I think it has been left to heads to use common sense.

At the end of the day, schools are not homogeneous, their buildings, classrooms and outdoor space are all unique. Which means each school can give less or more education to their classes while remaining as safe as possible.

It is a tough time to be a head but, on the whole, they are embracing the challenge.

You just cannot have precise guidance in a rapidly changing situation with many variables.

CountessFrog · 27/06/2020 08:35

Our kids are in two different school.

Headteacher 1 - calm, collected, makes decisions and sticks to them

Headteacher 2 - cannot stick to a decision. Has variously decided (and communicated) the following to parents in the last month:

  • we will take y6 back
  • we will only take some of them back
  • we aren’t sure if we are taking all of them back
  • we will take them back full time
  • we will take back all years R-6
  • we will only take back y6 part time
  • we will be having leavers ceremonies on X date
  • we are not having leavers ceremonies
  • we haven’t decided whether to have ceremonies
  • they must bring packed lunch
  • they must have a hot dinner
  • they can’t bring a coat
  • they can bring a coat if they need one

I don’t think some people make good leaders

Piggywaspushed · 27/06/2020 08:37

Common sense and global public health crisis aren't happy bedfellows.
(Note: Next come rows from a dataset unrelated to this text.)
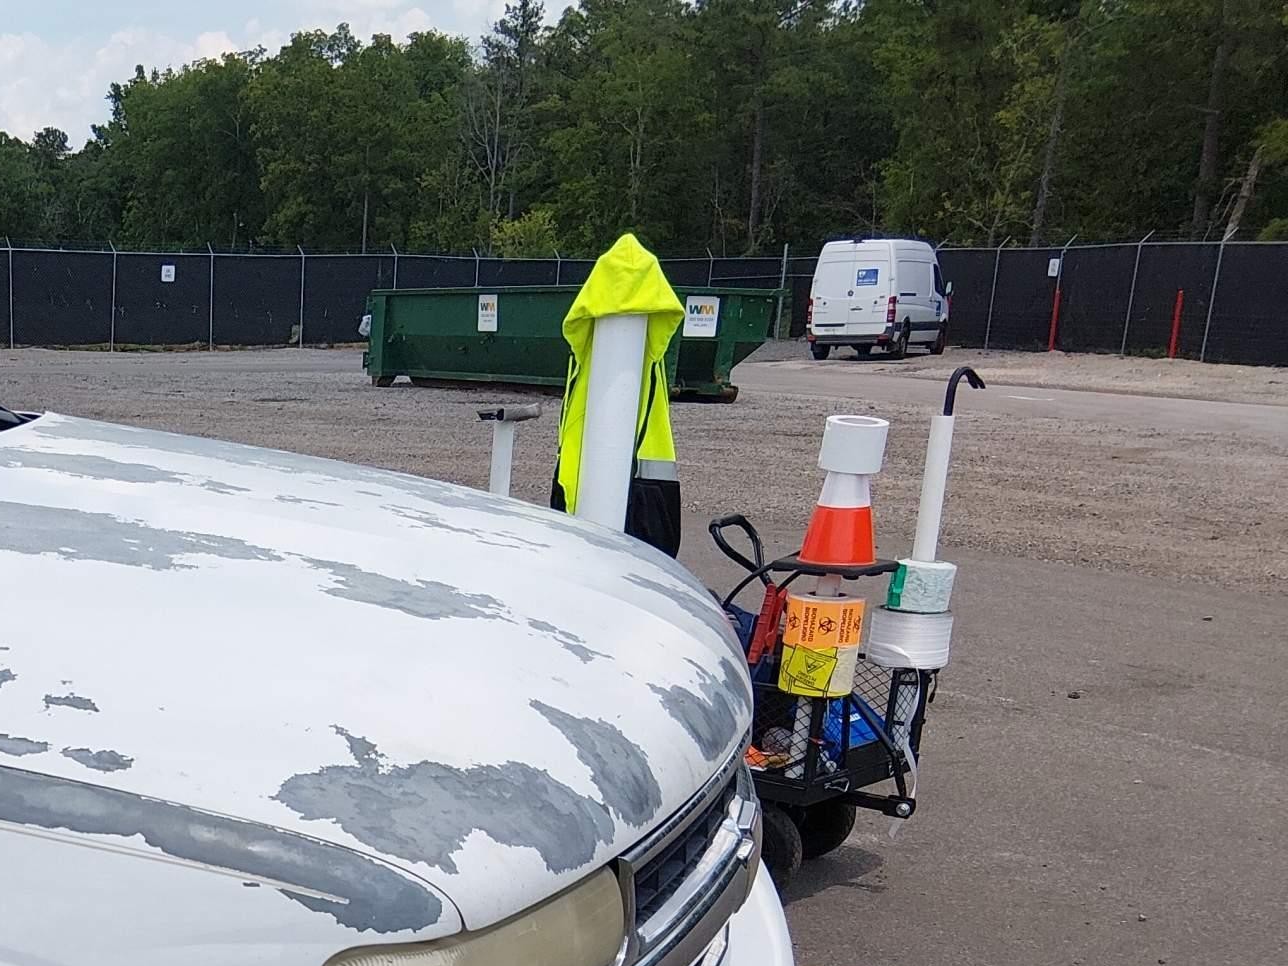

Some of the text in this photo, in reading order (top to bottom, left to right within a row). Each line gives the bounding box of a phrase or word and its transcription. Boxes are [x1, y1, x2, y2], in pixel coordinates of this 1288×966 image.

[480, 302, 495, 312] WM
[689, 304, 715, 315] WM
[801, 607, 811, 642] BIOPELIGRO
[808, 608, 818, 642] BIOHAZARD
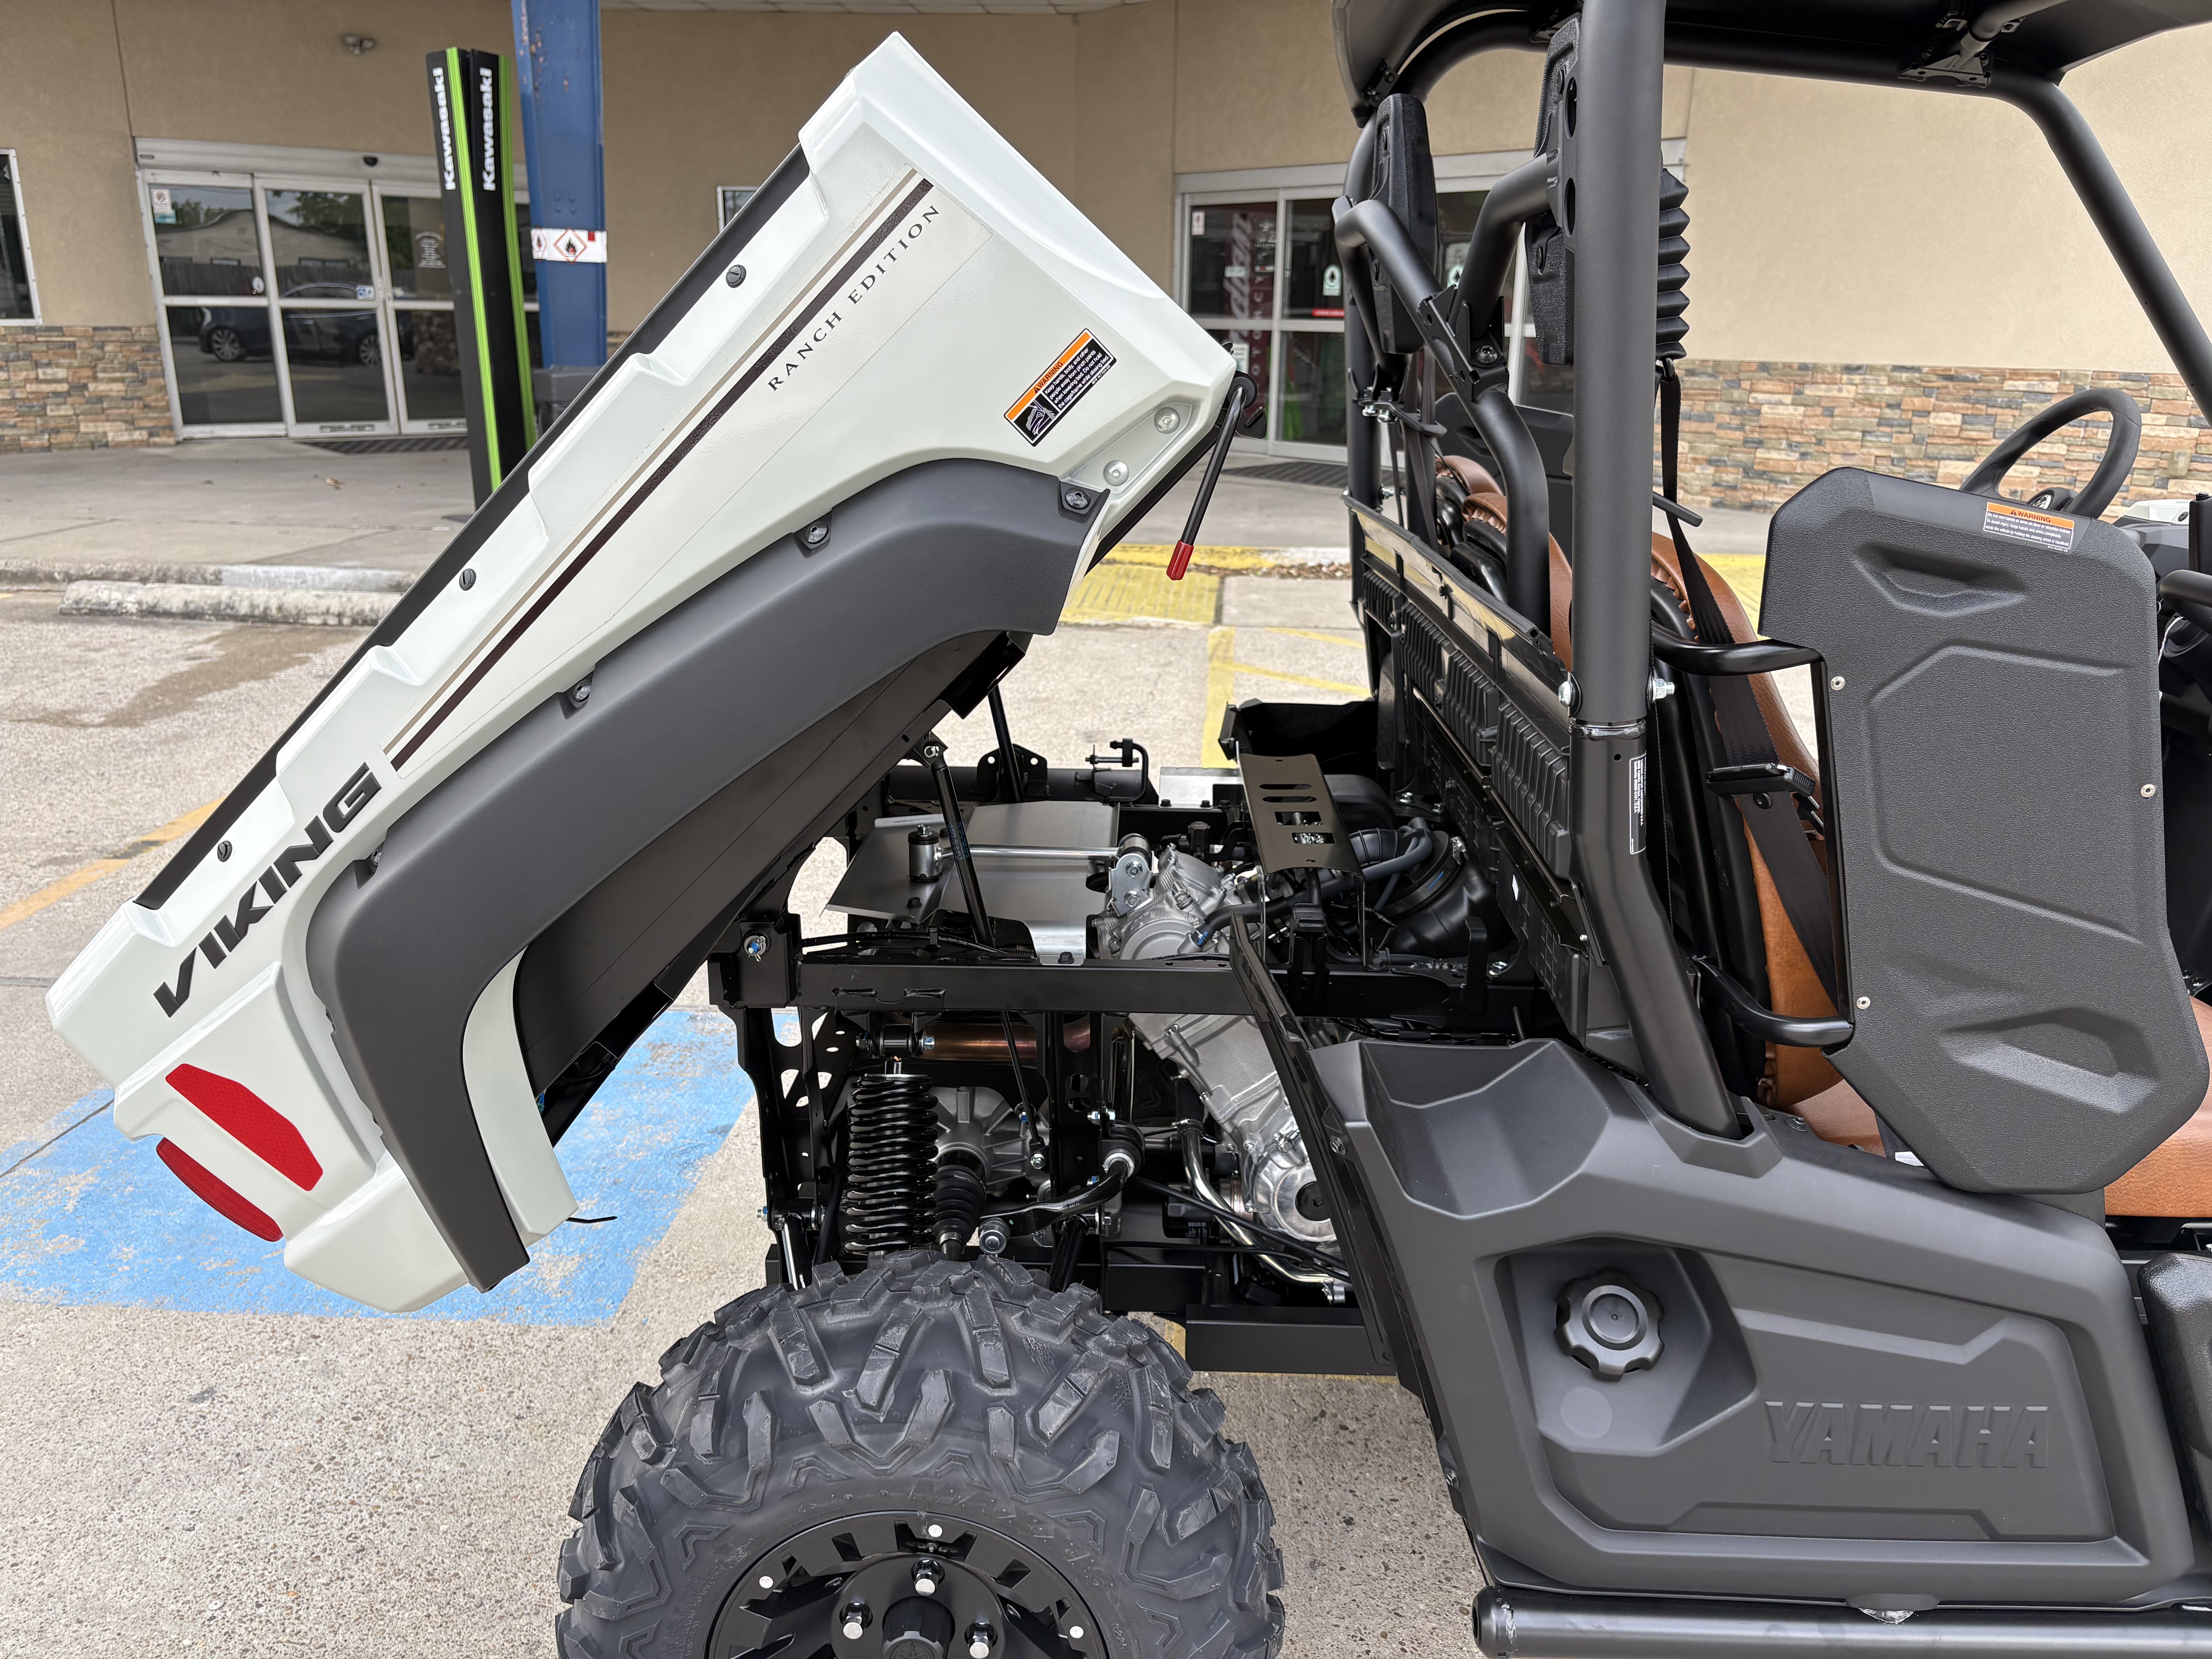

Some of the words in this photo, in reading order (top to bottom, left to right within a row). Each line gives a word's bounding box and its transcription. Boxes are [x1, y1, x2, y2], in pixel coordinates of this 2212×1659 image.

[433, 67, 456, 190] Kawasaki
[479, 67, 496, 191] Kawasaki
[767, 310, 843, 392] RANCH
[847, 204, 940, 306] EDITION
[1038, 361, 1063, 388] WARNING
[1044, 384, 1054, 394] Keep
[1053, 374, 1065, 385] hands,
[1063, 364, 1074, 374] body,
[1079, 347, 1088, 358] other
[1049, 386, 1061, 400] people
[1060, 378, 1070, 388] away
[1068, 369, 1077, 379] from
[1076, 360, 1086, 371] pinch
[1085, 350, 1096, 362] points
[1054, 393, 1064, 403] when
[1062, 379, 1077, 394] lowering
[1075, 372, 1084, 381] bed.
[1093, 352, 1102, 362] hold
[1064, 383, 1082, 402] cage/frame
[1081, 374, 1091, 384] while
[1090, 362, 1102, 375] closing
[1100, 355, 1109, 364] bed.
[2017, 510, 2051, 523] WARNING
[153, 761, 382, 1018] VIKING
[1765, 1401, 2049, 1468] YAMAHA
Some heads are better at this than others.

I can't seem to get non teachers to see that 180 amendments to guidance is nonsensical. Guidance to businesses came out very rapidly. Teachers had to wait two to three weeks after an initial announcement . This is far more complex than reopening a shop and needs clarity.
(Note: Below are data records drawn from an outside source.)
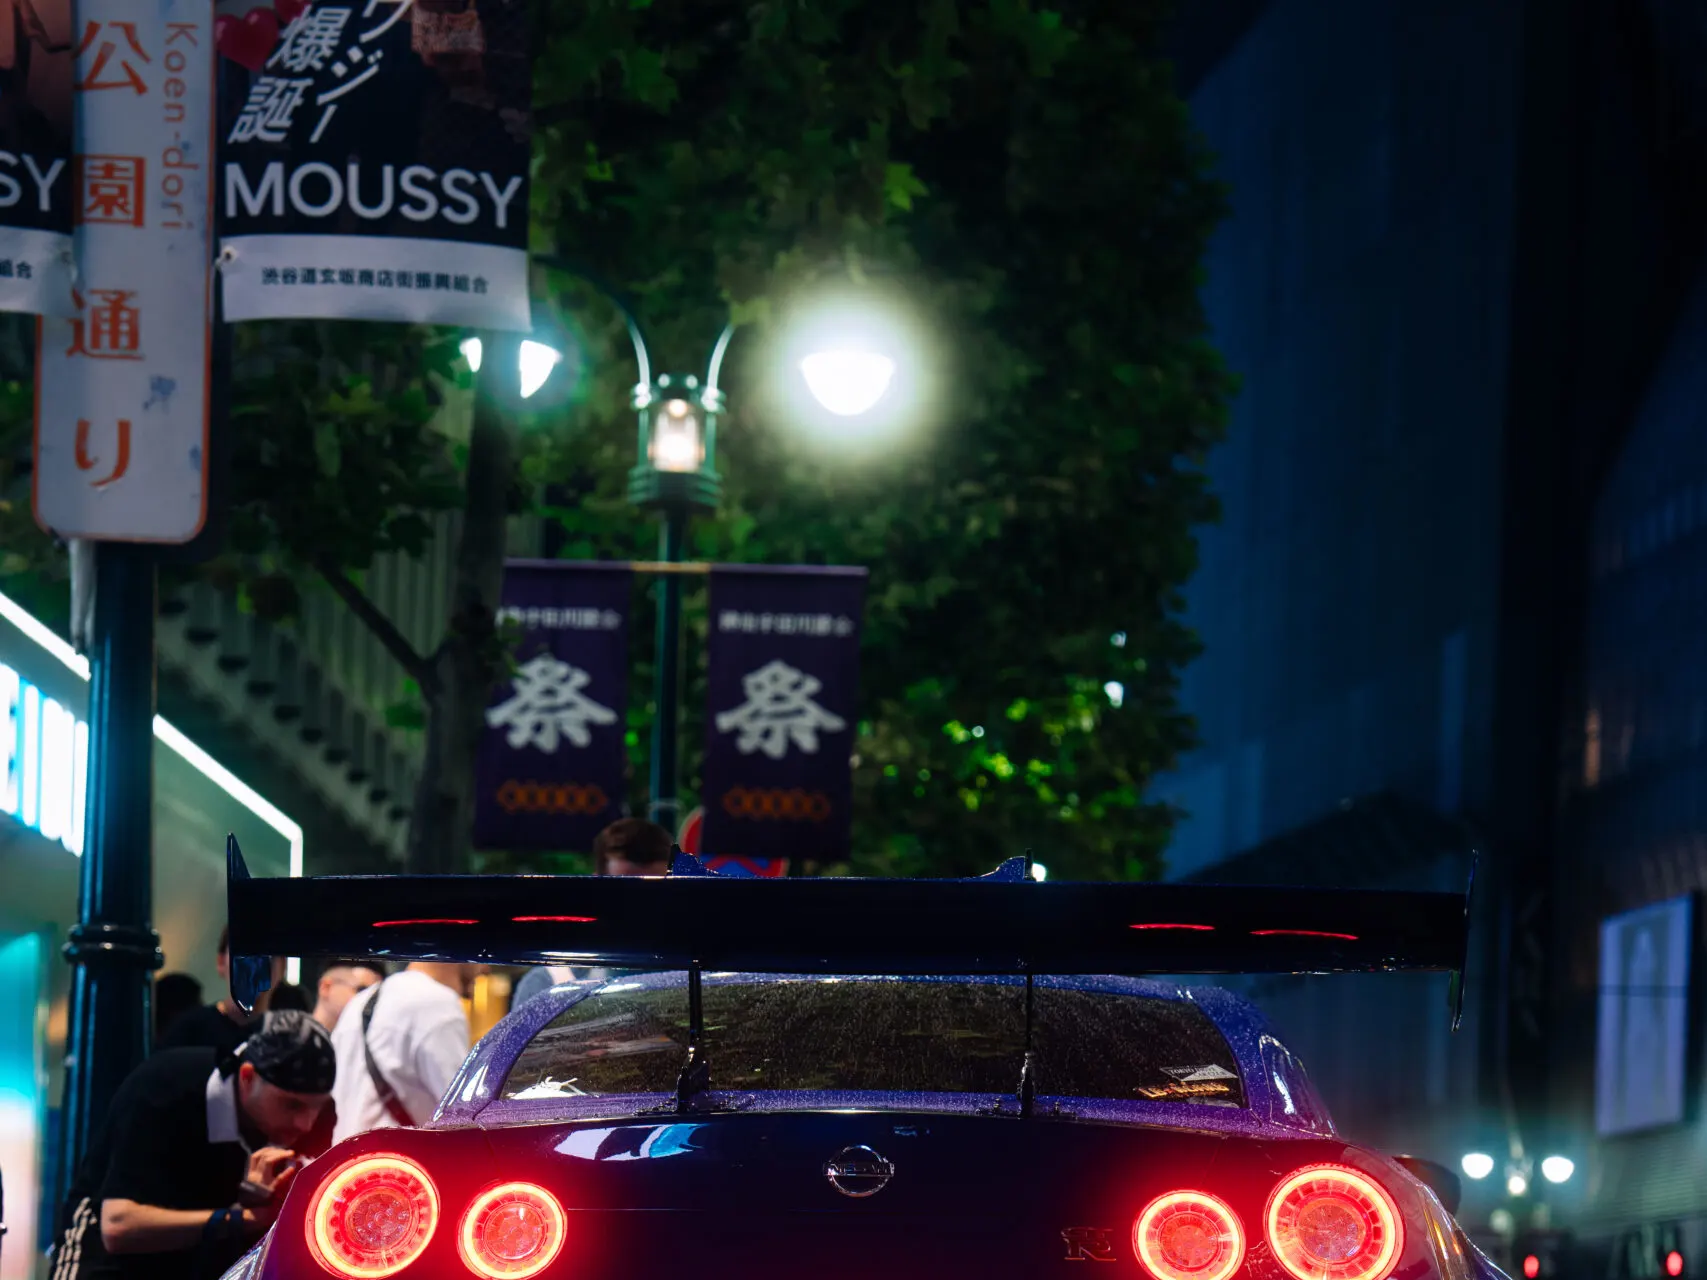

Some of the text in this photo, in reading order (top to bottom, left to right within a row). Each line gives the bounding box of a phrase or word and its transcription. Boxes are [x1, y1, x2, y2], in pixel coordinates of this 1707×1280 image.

[162, 22, 198, 230] Koen-dori
[227, 5, 352, 144] 爆誕
[67, 20, 151, 487] 公園通り
[225, 161, 523, 229] MOUSSY
[486, 652, 618, 754] 祭
[715, 659, 846, 760] 祭
I am sorry I can't get people to see this is not good enough. The DfE are the ultimate leaders here and are showing no leadership. They re the ones with scientific advisors and officials.

They even lied about what it originally said last week.

larrygrylls · 27/06/2020 09:26

Piggy,

I think you are a bit stubborn. The DofE cannot come into every school and review every classroom, lab and playground.

What they can do is issue broad guidelines.

It is up to heads and SLTs to use common sense in doing the best they can to stay safe while educating as many pupils as possible.

The Heads are battlefield leaders now. They can see how the battle is playing out in their schools and adapt accordingly. Some have run with this challenge and are doing brilliantly, others are not doing very well at all.

This is really showing up the leaders versus the administrators.

EvilPea · 27/06/2020 09:33

If I was a private school I’d be creating some sort of provision state could dip into.

Reduced fees, early termination of contract. But effectively duplicating online lessons for state children enrolled in a state school.

I’m convinced you’d make a fortune.

larrygrylls · 27/06/2020 09:39

Evil,

Private schools are mostly Teaming/Zooming. At the moment they are just fire fighting too. They need to justify their fees although they cannot yet fully open for pupils.

For a while, though, there have been questions about whether they share enough to justify their charitable status and VAT exemptions. Covid will, in the medium term, make them address this more urgently or end up being taxed more.